Suggestions on Extracting Highlights + Bold Text + Italic Text from $Text of a note

This common task should be easy for me but I feel stuck.

Simply
I have the $Text of a long note which I read and annotated. I have highlighted text (2 colors), italic text and bold text that I have done on multiple readings.

Now I would like to create a summary using my Markup:
Highlights as the headings
Italics and bold as points under the headings

Extracting Highlights_bold_italic from Text.tbx (85.9 KB)

Tom

Have you looked at String.highlights

Italicised and bolded text aren’t findable in the same manner. But as you only use 2 colours at present, you could easily adapt your method to use 2 of the 3 highlight colours you don’t currently use, and then you can extract the 4 different types of ‘highlight’ you are applying.

Even then, String.highlights returns a list of highlights of all or a given colour. What you are presuming is an $Text stream output processor which is a feature request I’ve not previously seen. IOW, the $Text is rendered for export (or preview window) depending on where highlights are detected in $Text. At present, I don’t think that a tractable approach in Tinderbox so, today, I’d try an approach closer aligned to be queries can find.

IOW, I read that you want a putative stream processor to ‘read’ the $Text and on encountering a highlight set the export code stream to enclose the highlight with an HTML heading level (dependent on the highlight colour?). Then in italic or bolded (or both?) are encountered export those $Text substrings as bulleted items

But, what defines under? For this this sort of logic to work, you need to address the edge cases. What happens if text occurs between the end of a highlighted substring and a bold/italic section. You logic doesn’t account for that. Why are bold and italic both exporting to the same mark-up when they have been marked differently at source? And so on.

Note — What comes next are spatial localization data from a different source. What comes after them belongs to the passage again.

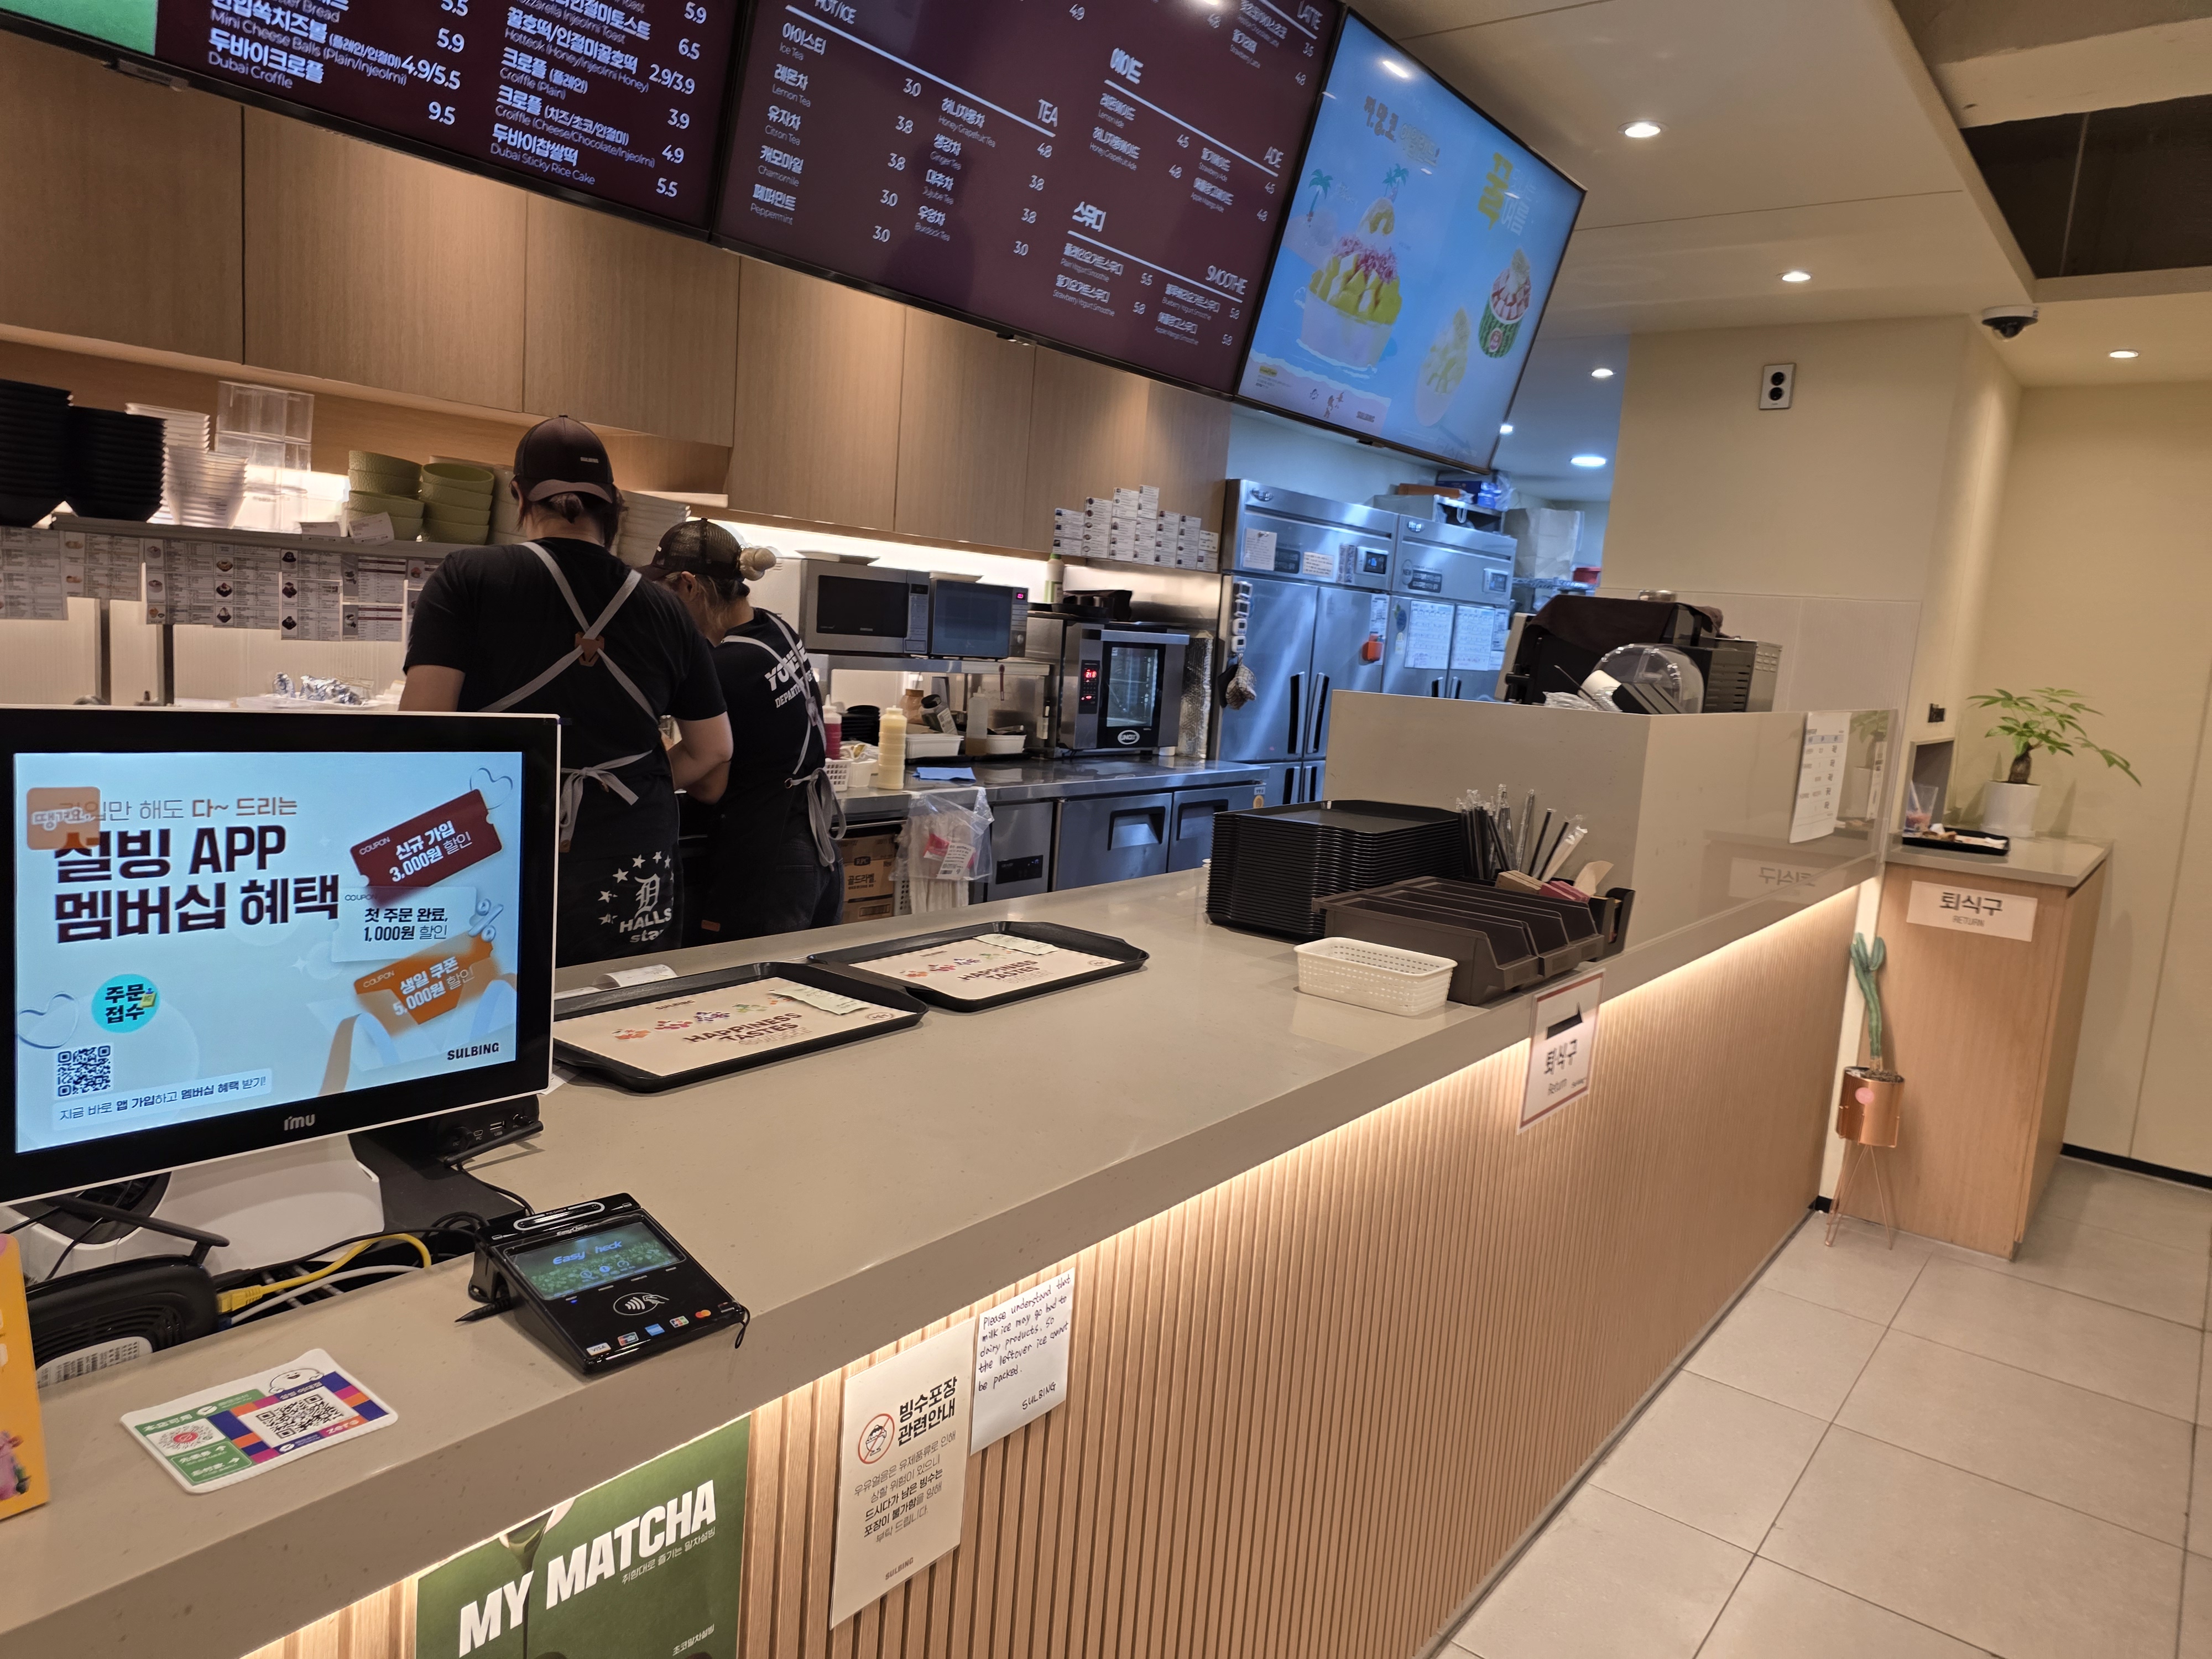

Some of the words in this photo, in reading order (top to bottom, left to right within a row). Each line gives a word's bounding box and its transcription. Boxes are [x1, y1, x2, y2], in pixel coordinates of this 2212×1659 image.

[684, 2, 707, 24] 5.9
[210, 8, 241, 29] Mini
[242, 19, 291, 47] Cheese
[291, 36, 321, 58] Balls
[436, 28, 465, 53] 5.9
[782, 22, 826, 55] 아이스티
[208, 27, 324, 84] 두바이크로플
[501, 46, 547, 80] 크로플
[679, 38, 701, 60] 6.5
[780, 42, 791, 55] Ice
[208, 51, 249, 75] Dubai
[251, 65, 293, 89] Croffle
[401, 55, 461, 90] 4.9/5.5
[649, 64, 695, 95] 2.9/3.9
[774, 64, 808, 91] 레몬차
[497, 84, 542, 116] 크로플
[772, 84, 797, 102] Lemon
[798, 95, 811, 107] Tea
[428, 101, 455, 125] 9.5
[667, 108, 690, 129] 3.9
[768, 105, 801, 131] 유자차
[1037, 98, 1058, 127] TEA
[492, 123, 578, 167] 두바이찹쌀떡
[661, 144, 684, 164] 4.9
[760, 145, 804, 174] 캐모마일
[490, 143, 520, 161] Dubai
[521, 153, 550, 173] Sticky
[551, 162, 571, 178] Rice
[572, 169, 595, 185] Cake
[758, 165, 800, 187] Chamomile
[655, 177, 678, 197] 5.5
[750, 202, 792, 225] Peppermint
[1072, 201, 1106, 232] 스무디
[139, 799, 184, 820] 해도
[236, 796, 298, 817] 드리는
[54, 828, 171, 884] 설빙
[189, 825, 286, 875] APP
[359, 836, 390, 855] COUPON
[395, 834, 425, 860] 신규
[425, 820, 456, 846] 가입
[389, 848, 444, 882] 3,000원
[444, 831, 472, 855] 할인
[54, 882, 226, 944] 멤버십
[240, 874, 340, 926] 혜택
[364, 908, 380, 923] 첫
[383, 908, 413, 923] 주문
[417, 908, 448, 922] 완료,
[1939, 892, 2003, 916] 퇴식구
[364, 926, 415, 942] 1,000원
[419, 925, 447, 940] 할인
[619, 907, 671, 933] HALLS
[363, 970, 395, 988] COUPON
[399, 971, 427, 995] 생일
[430, 956, 459, 979] 쿠폰
[447, 967, 475, 990] 할인
[957, 960, 1039, 981] HAPPINESS
[985, 967, 1040, 980] TASTES
[105, 983, 144, 1003] 주문
[105, 1004, 145, 1024] 접수
[682, 1013, 802, 1042] HAPPINESS
[719, 1023, 799, 1041] TASTES
[447, 1042, 499, 1060] SULBING
[1544, 1039, 1577, 1074] 퇴식구
[59, 1107, 84, 1121] 지금
[88, 1102, 113, 1117] 바로
[116, 1099, 128, 1112] 앱
[131, 1092, 178, 1110] 가입하고
[181, 1084, 215, 1100] 멤버십
[217, 1079, 239, 1094] 혜택
[242, 1076, 267, 1089] 받기!
[553, 1251, 586, 1265] Easy
[591, 1241, 622, 1254] heck
[982, 1328, 998, 1343] milk
[1000, 1324, 1011, 1335] ice
[1016, 1313, 1031, 1327] may
[1034, 1308, 1042, 1321] go
[1058, 1295, 1067, 1305] to
[983, 1311, 1006, 1330] Please
[1011, 1285, 1051, 1314] understand
[978, 1359, 993, 1373] the
[999, 1343, 1032, 1366] leftover
[1036, 1334, 1047, 1348] ice
[980, 1343, 1000, 1358] dairy
[978, 1380, 987, 1391] be
[993, 1364, 1022, 1389] packed.
[899, 1376, 957, 1423] 빙수포장
[1022, 1381, 1056, 1411] SULBING
[326, 1420, 359, 1434] zero
[898, 1398, 955, 1447] 관련안내
[854, 1465, 896, 1496] 우유얼음은
[941, 1430, 956, 1448] 인해
[871, 1485, 888, 1503] 상할
[890, 1469, 914, 1491] 위험이
[917, 1454, 940, 1477] 있으니
[864, 1513, 890, 1538] 포장이
[892, 1493, 924, 1520] 불가함을
[926, 1481, 942, 1499] 양해
[865, 1493, 899, 1522] 드시다가
[901, 1482, 917, 1500] 남은
[920, 1469, 943, 1488] 빙수는
[876, 1526, 893, 1542] 부탁
[459, 1569, 535, 1658] MY
[546, 1479, 716, 1610] MATCHA
[622, 1559, 655, 1584] 취향대로
[658, 1547, 682, 1566] 즐기는
[685, 1526, 715, 1552] 말차설빙
[885, 1557, 914, 1580] SULBING
[672, 1624, 714, 1656] 초코말차설빙

In terms of what you can do today consider using auto-headings instead (as well as?) coloured highlights.

HTH :slight_smile:

@TomD, as @wmra points out the “rtf” layer, can be a challenge to parse. Yes, it is visually pleasing, but difficult to operate against. There are a couple of approaches here. I think a more long-term and sustainable process would be to use markdown notations to block out your highlighted text. Tinderbox could then be instructed to easily parse these notations. You could also use the “highlighter” functions to color-code your notations, which can be easily reversed when you want to.

To help with the notations I would use Text Expander and a supply that would take and replace copied text on the clipboard with the text surrounded by the desired notation. If this does not make sense, I can explain later.

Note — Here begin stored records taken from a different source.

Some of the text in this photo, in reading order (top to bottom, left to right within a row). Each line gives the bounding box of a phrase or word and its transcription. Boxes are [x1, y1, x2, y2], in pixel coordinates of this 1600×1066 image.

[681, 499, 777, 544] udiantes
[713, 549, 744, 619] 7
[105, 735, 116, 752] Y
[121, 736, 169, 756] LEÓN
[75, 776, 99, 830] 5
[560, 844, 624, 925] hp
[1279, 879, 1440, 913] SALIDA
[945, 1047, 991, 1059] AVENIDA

Part of the challenge is the desire to map pretty looking $Text to export using means only appeared in the visual render.

The start point for export planning needs to be, can I I identify '‘this’ style using action (i.e. query) code. If you can’t the export plan is dead in the water. As we can’t identify a run of bolded text, the original plan fails—in the terms of the plan—at that point. That’s not to disparage the plan or the need but simply to waste time trying things we can predict won’t work.

Question: Would there be a way to combine elements of String.highlights + this script from Sumner Gerard from here: Extract text with particular formatting - #8 by sumnerg

Tom

How long is your text?

How many of these texts do you have?

Hi Mark

I have hundreds of these texts. The $Text are not long but my normal process for years in reviewing my reading has been to highlight with different colors in my initial review, usually yellow, red, green and blue. Then, when I re-review my note (sometime later), I will bold the text and if I review the note a third time, I will italicize the text. For years, this has worked well and helped me understand almost like a cheap man’s version of a timeline, in which review (initial, 1st review or second review) I felt impressions and importance to the text.

Up to now, I have been extracting these summaries manually, but thought it was time to automate. I would think others use a mixture of highlighting and bold, italics as well during their reviews, which is what prompted me to ask the original question.

Tom

As Tinderbox has AppleScript support and AppleScript I believe can handle finding sections of styled text, it might be worth checking some AppleScript forums for suitable code.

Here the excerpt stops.